**Brief**: Set down the records that follow in full and without changes.

**Supplied data**:
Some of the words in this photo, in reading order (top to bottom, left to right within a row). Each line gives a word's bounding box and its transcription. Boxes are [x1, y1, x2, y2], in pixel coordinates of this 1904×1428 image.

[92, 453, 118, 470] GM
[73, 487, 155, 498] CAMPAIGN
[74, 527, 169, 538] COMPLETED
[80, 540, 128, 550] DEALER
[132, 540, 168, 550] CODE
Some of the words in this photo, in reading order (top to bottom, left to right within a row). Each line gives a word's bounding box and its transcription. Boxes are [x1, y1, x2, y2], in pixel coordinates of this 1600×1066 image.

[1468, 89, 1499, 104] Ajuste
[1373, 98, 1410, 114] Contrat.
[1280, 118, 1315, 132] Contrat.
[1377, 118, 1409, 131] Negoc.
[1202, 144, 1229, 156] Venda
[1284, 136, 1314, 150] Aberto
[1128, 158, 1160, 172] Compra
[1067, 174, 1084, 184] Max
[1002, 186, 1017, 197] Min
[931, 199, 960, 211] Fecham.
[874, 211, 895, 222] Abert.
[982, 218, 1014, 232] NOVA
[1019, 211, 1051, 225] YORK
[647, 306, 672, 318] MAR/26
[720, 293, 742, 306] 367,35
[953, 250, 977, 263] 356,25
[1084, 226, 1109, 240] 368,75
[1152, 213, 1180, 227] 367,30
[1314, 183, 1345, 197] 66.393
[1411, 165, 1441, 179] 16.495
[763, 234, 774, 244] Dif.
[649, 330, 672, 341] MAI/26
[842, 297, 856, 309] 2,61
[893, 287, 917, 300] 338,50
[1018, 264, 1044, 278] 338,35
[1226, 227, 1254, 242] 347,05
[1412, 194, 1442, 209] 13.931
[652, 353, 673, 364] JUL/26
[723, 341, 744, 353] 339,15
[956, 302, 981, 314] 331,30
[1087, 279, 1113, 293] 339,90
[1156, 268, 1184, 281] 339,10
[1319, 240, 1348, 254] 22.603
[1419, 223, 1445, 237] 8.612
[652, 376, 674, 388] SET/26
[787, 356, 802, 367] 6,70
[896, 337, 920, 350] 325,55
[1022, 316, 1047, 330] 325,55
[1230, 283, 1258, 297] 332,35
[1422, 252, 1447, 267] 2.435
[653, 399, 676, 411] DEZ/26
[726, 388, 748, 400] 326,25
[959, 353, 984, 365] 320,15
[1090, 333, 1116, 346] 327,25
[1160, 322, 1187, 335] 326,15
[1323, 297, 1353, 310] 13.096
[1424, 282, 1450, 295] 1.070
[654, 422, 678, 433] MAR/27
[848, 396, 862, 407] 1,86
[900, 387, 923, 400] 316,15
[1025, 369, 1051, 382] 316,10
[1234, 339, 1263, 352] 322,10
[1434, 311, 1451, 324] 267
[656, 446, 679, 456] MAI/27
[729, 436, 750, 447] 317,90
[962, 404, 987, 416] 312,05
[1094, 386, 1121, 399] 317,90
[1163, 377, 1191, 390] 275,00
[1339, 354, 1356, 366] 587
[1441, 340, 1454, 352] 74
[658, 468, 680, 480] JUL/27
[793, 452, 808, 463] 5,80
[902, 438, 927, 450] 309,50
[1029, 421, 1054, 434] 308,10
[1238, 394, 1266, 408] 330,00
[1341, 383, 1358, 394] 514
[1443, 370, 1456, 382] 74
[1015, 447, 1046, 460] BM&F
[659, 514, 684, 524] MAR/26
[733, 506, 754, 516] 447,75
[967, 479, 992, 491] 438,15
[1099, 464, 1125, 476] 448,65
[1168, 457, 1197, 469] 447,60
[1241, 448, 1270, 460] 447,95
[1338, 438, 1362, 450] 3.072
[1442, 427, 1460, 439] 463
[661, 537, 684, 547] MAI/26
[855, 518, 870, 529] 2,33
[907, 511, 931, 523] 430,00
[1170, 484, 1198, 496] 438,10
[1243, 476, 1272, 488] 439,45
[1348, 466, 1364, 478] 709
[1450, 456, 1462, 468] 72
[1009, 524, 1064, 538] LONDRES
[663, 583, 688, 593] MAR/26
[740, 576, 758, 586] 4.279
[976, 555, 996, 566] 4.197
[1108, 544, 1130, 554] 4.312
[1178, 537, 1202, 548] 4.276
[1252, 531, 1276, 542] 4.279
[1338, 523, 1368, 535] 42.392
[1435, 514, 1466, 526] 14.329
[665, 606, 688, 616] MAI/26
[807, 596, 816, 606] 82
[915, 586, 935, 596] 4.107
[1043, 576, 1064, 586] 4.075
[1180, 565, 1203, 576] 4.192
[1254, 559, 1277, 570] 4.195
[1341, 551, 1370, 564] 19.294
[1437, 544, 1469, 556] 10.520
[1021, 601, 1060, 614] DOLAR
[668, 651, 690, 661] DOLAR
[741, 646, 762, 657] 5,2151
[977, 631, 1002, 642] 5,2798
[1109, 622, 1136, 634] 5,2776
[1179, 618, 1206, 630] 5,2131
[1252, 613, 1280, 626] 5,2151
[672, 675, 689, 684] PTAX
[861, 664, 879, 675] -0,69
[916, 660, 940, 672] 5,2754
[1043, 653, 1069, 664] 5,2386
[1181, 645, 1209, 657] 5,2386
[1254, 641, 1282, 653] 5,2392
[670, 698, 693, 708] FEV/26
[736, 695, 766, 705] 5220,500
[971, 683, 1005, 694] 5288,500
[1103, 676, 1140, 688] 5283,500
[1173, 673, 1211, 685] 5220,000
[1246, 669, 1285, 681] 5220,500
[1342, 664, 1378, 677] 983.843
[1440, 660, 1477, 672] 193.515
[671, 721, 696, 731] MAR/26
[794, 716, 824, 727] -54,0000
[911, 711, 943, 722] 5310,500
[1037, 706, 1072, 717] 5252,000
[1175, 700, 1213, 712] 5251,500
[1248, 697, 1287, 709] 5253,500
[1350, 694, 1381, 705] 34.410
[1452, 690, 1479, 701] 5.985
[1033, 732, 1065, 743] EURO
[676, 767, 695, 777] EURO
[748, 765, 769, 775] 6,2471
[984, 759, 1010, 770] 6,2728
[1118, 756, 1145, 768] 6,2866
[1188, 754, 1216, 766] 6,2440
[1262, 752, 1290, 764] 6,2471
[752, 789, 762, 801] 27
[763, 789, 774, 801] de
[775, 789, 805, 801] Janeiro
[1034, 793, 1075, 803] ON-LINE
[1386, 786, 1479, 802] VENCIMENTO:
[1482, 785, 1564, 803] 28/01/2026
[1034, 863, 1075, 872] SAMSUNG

**Answer section**:
Some of the words in this photo, in reading order (top to bottom, left to right within a row). Each line gives a word's bounding box and its transcription. Boxes are [x1, y1, x2, y2], in pixel coordinates of this 1904×1428 image.

[92, 453, 118, 470] GM
[73, 487, 155, 498] CAMPAIGN
[74, 527, 169, 538] COMPLETED
[80, 540, 128, 550] DEALER
[132, 540, 168, 550] CODE
Some of the words in this photo, in reading order (top to bottom, left to right within a row). Each line gives a word's bounding box and its transcription. Boxes are [x1, y1, x2, y2], in pixel coordinates of this 1600×1066 image.

[1468, 89, 1499, 104] Ajuste
[1373, 98, 1410, 114] Contrat.
[1280, 118, 1315, 132] Contrat.
[1377, 118, 1409, 131] Negoc.
[1202, 144, 1229, 156] Venda
[1284, 136, 1314, 150] Aberto
[1128, 158, 1160, 172] Compra
[1067, 174, 1084, 184] Max
[1002, 186, 1017, 197] Min
[931, 199, 960, 211] Fecham.
[874, 211, 895, 222] Abert.
[982, 218, 1014, 232] NOVA
[1019, 211, 1051, 225] YORK
[647, 306, 672, 318] MAR/26
[720, 293, 742, 306] 367,35
[953, 250, 977, 263] 356,25
[1084, 226, 1109, 240] 368,75
[1152, 213, 1180, 227] 367,30
[1314, 183, 1345, 197] 66.393
[1411, 165, 1441, 179] 16.495
[763, 234, 774, 244] Dif.
[649, 330, 672, 341] MAI/26
[842, 297, 856, 309] 2,61
[893, 287, 917, 300] 338,50
[1018, 264, 1044, 278] 338,35
[1226, 227, 1254, 242] 347,05
[1412, 194, 1442, 209] 13.931
[652, 353, 673, 364] JUL/26
[723, 341, 744, 353] 339,15
[956, 302, 981, 314] 331,30
[1087, 279, 1113, 293] 339,90
[1156, 268, 1184, 281] 339,10
[1319, 240, 1348, 254] 22.603
[1419, 223, 1445, 237] 8.612
[652, 376, 674, 388] SET/26
[787, 356, 802, 367] 6,70
[896, 337, 920, 350] 325,55
[1022, 316, 1047, 330] 325,55
[1230, 283, 1258, 297] 332,35
[1422, 252, 1447, 267] 2.435
[653, 399, 676, 411] DEZ/26
[726, 388, 748, 400] 326,25
[959, 353, 984, 365] 320,15
[1090, 333, 1116, 346] 327,25
[1160, 322, 1187, 335] 326,15
[1323, 297, 1353, 310] 13.096
[1424, 282, 1450, 295] 1.070
[654, 422, 678, 433] MAR/27
[848, 396, 862, 407] 1,86
[900, 387, 923, 400] 316,15
[1025, 369, 1051, 382] 316,10
[1234, 339, 1263, 352] 322,10
[1434, 311, 1451, 324] 267
[656, 446, 679, 456] MAI/27
[729, 436, 750, 447] 317,90
[962, 404, 987, 416] 312,05
[1094, 386, 1121, 399] 317,90
[1163, 377, 1191, 390] 275,00
[1339, 354, 1356, 366] 587
[1441, 340, 1454, 352] 74
[658, 468, 680, 480] JUL/27
[793, 452, 808, 463] 5,80
[902, 438, 927, 450] 309,50
[1029, 421, 1054, 434] 308,10
[1238, 394, 1266, 408] 330,00
[1341, 383, 1358, 394] 514
[1443, 370, 1456, 382] 74
[1015, 447, 1046, 460] BM&F
[659, 514, 684, 524] MAR/26
[733, 506, 754, 516] 447,75
[967, 479, 992, 491] 438,15
[1099, 464, 1125, 476] 448,65
[1168, 457, 1197, 469] 447,60
[1241, 448, 1270, 460] 447,95
[1338, 438, 1362, 450] 3.072
[1442, 427, 1460, 439] 463
[661, 537, 684, 547] MAI/26
[855, 518, 870, 529] 2,33
[907, 511, 931, 523] 430,00
[1170, 484, 1198, 496] 438,10
[1243, 476, 1272, 488] 439,45
[1348, 466, 1364, 478] 709
[1450, 456, 1462, 468] 72
[1009, 524, 1064, 538] LONDRES
[663, 583, 688, 593] MAR/26
[740, 576, 758, 586] 4.279
[976, 555, 996, 566] 4.197
[1108, 544, 1130, 554] 4.312
[1178, 537, 1202, 548] 4.276
[1252, 531, 1276, 542] 4.279
[1338, 523, 1368, 535] 42.392
[1435, 514, 1466, 526] 14.329
[665, 606, 688, 616] MAI/26
[807, 596, 816, 606] 82
[915, 586, 935, 596] 4.107
[1043, 576, 1064, 586] 4.075
[1180, 565, 1203, 576] 4.192
[1254, 559, 1277, 570] 4.195
[1341, 551, 1370, 564] 19.294
[1437, 544, 1469, 556] 10.520
[1021, 601, 1060, 614] DOLAR
[668, 651, 690, 661] DOLAR
[741, 646, 762, 657] 5,2151
[977, 631, 1002, 642] 5,2798
[1109, 622, 1136, 634] 5,2776
[1179, 618, 1206, 630] 5,2131
[1252, 613, 1280, 626] 5,2151
[672, 675, 689, 684] PTAX
[861, 664, 879, 675] -0,69
[916, 660, 940, 672] 5,2754
[1043, 653, 1069, 664] 5,2386
[1181, 645, 1209, 657] 5,2386
[1254, 641, 1282, 653] 5,2392
[670, 698, 693, 708] FEV/26
[736, 695, 766, 705] 5220,500
[971, 683, 1005, 694] 5288,500
[1103, 676, 1140, 688] 5283,500
[1173, 673, 1211, 685] 5220,000
[1246, 669, 1285, 681] 5220,500
[1342, 664, 1378, 677] 983.843
[1440, 660, 1477, 672] 193.515
[671, 721, 696, 731] MAR/26
[794, 716, 824, 727] -54,0000
[911, 711, 943, 722] 5310,500
[1037, 706, 1072, 717] 5252,000
[1175, 700, 1213, 712] 5251,500
[1248, 697, 1287, 709] 5253,500
[1350, 694, 1381, 705] 34.410
[1452, 690, 1479, 701] 5.985
[1033, 732, 1065, 743] EURO
[676, 767, 695, 777] EURO
[748, 765, 769, 775] 6,2471
[984, 759, 1010, 770] 6,2728
[1118, 756, 1145, 768] 6,2866
[1188, 754, 1216, 766] 6,2440
[1262, 752, 1290, 764] 6,2471
[752, 789, 762, 801] 27
[763, 789, 774, 801] de
[775, 789, 805, 801] Janeiro
[1034, 793, 1075, 803] ON-LINE
[1386, 786, 1479, 802] VENCIMENTO:
[1482, 785, 1564, 803] 28/01/2026
[1034, 863, 1075, 872] SAMSUNG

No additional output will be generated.